Certain criteria apply to a mark. G stands for "mobility impaired" and can be awarded if the applicant cannot cover a distance of two kilometers within 30 minutes. B stands for accompanying person.
She translates official German with more participation. Associated with the ID card is not only permission to use public transport free of charge, it also enables a handicapped-accessible apartment or job promotion. It also makes things easier privately: "The B mark allows me to take an accompanying person with me wherever I go without incurring extra costs." So her friend Sascha was able to stay with her in the family room after the birth of their son in September last year. "Starting a family has always been part of my life plan, but when I was diagnosed with narcolepsy when I was in my early 20s, it was clear to me that this would only be possible if everyone pulled together and supported," she says.
No one could relieve her of the risk itself, the physical exertion. Sarah had stopped her medication to avoid risk to the child's health. She was plagued by nausea and vomiting throughout pregnancy, which drained her strength. For longer journeys and larger undertakings, she used a wheelchair on the recommendation of the doctors. In order not to lose too much muscle, she received physiotherapy.
In her new everyday life with the child, an assistance service supports her around the clock, because her friend Sascha works on assembly: "That means that four people spend the day with me and the child at different times, they protect us, help with the household, so that I can use all my strength for the little one. They also take over when I have a seizure or have to sleep, although I always try to do that in parallel with my son. Sarah Zessin was unable to work in her dream job due to the severity of her illness; Now that the corona-related offers for babies or toddler groups have been canceled, the training has helped her a lot in the private emergency, she reports: "As an occupational therapist, I know what kind of support is good for a child at that age." In addition, it is based on Montessori pedagogy: "Help me to do it myself" is their motto. For Sarah Zessin, it seems, it has become a motto in life.
Career plans: Self-help expert
Your son can go to daycare from September. Then Sarah Zessin will put her next plan into action. She does not want to live from Hartz 4 or take early retirement at the end of 20, she emphasizes. She would like to help others to help themselves. She is now an expert on that: based on the certificate she won, her employment with an outpatient social service could now also be promoted. To this end, she is in talks with the social welfare office, job center and the company concerned. Sarah Zessin imagines using her knowledge as a consultant for parenting assistance or doing public relations work for the company. Both can be achieved from the home office. She certainly has the necessary drive and creativity.

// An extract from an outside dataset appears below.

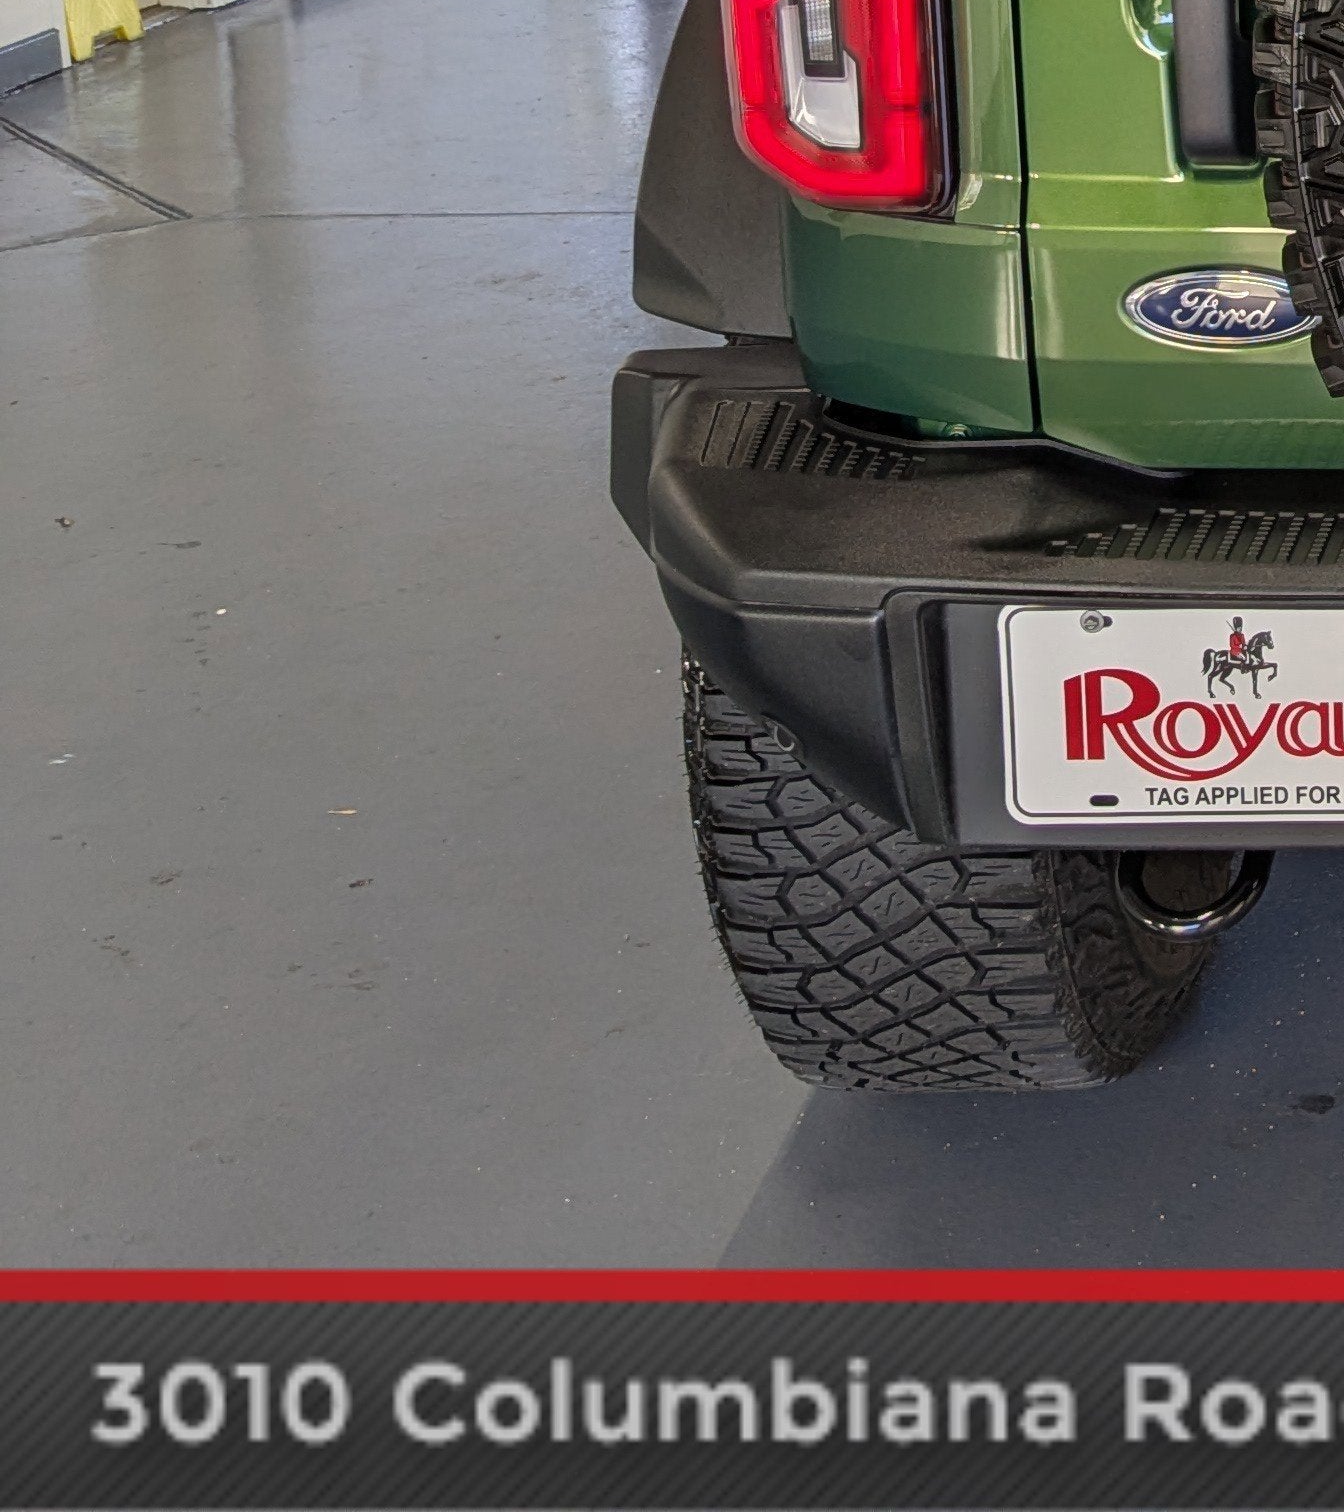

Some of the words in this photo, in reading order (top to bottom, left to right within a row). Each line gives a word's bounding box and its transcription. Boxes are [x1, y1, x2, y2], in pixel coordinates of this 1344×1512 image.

[1171, 288, 1277, 331] Ford
[1145, 787, 1189, 806] TAG
[1195, 786, 1289, 806] APPLIED
[1296, 785, 1341, 804] FOR

Don't wait for the future, shape it
Three years ago, Sarah Zessin told the "Self-determined" report that she had to give up playing the violin for many years because of her narcolepsy and cataplexy. Instead, she bought a ukulele. Because it is small and light, you can also play it lying down. She began to sing in the mixed choir of Naumburg, because there was no fear of contact, but found that music was a panacea.

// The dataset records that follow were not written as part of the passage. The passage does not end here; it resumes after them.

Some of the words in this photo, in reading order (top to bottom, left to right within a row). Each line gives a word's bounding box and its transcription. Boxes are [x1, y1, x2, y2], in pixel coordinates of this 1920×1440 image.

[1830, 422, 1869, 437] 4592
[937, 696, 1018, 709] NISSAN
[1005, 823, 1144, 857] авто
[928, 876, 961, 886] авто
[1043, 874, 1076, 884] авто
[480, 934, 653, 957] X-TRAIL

Our society finds it very difficult to deal with sick people - we are too afraid of contact.Kathrin Gerhardt, Mixed Choir NaumburgKathrin Gerhardt does not have this fear of contact, she works in the care sector.

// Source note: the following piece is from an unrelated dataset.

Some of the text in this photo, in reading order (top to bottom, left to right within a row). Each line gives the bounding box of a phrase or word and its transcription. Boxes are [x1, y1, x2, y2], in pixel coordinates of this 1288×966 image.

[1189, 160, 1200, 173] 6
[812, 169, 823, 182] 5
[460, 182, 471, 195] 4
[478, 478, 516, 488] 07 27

Sarah Zessin also discovered drawing for herself. That helps to capture the horror movie-like hallucinations on paper, she said. She painted comics and designed t-shirts for narcoleptics and their families. Sarah's mother said at the time that she didn't want to overprotect her daughter, but she was scared every day. Fear for Sarah's future. Fortunately, Sarah Zessin is not someone who waits anxiously for her, but wants to shape it. By the end of the year, she says, she would like to move in with Sascha and live "like a real family". Just like many other people.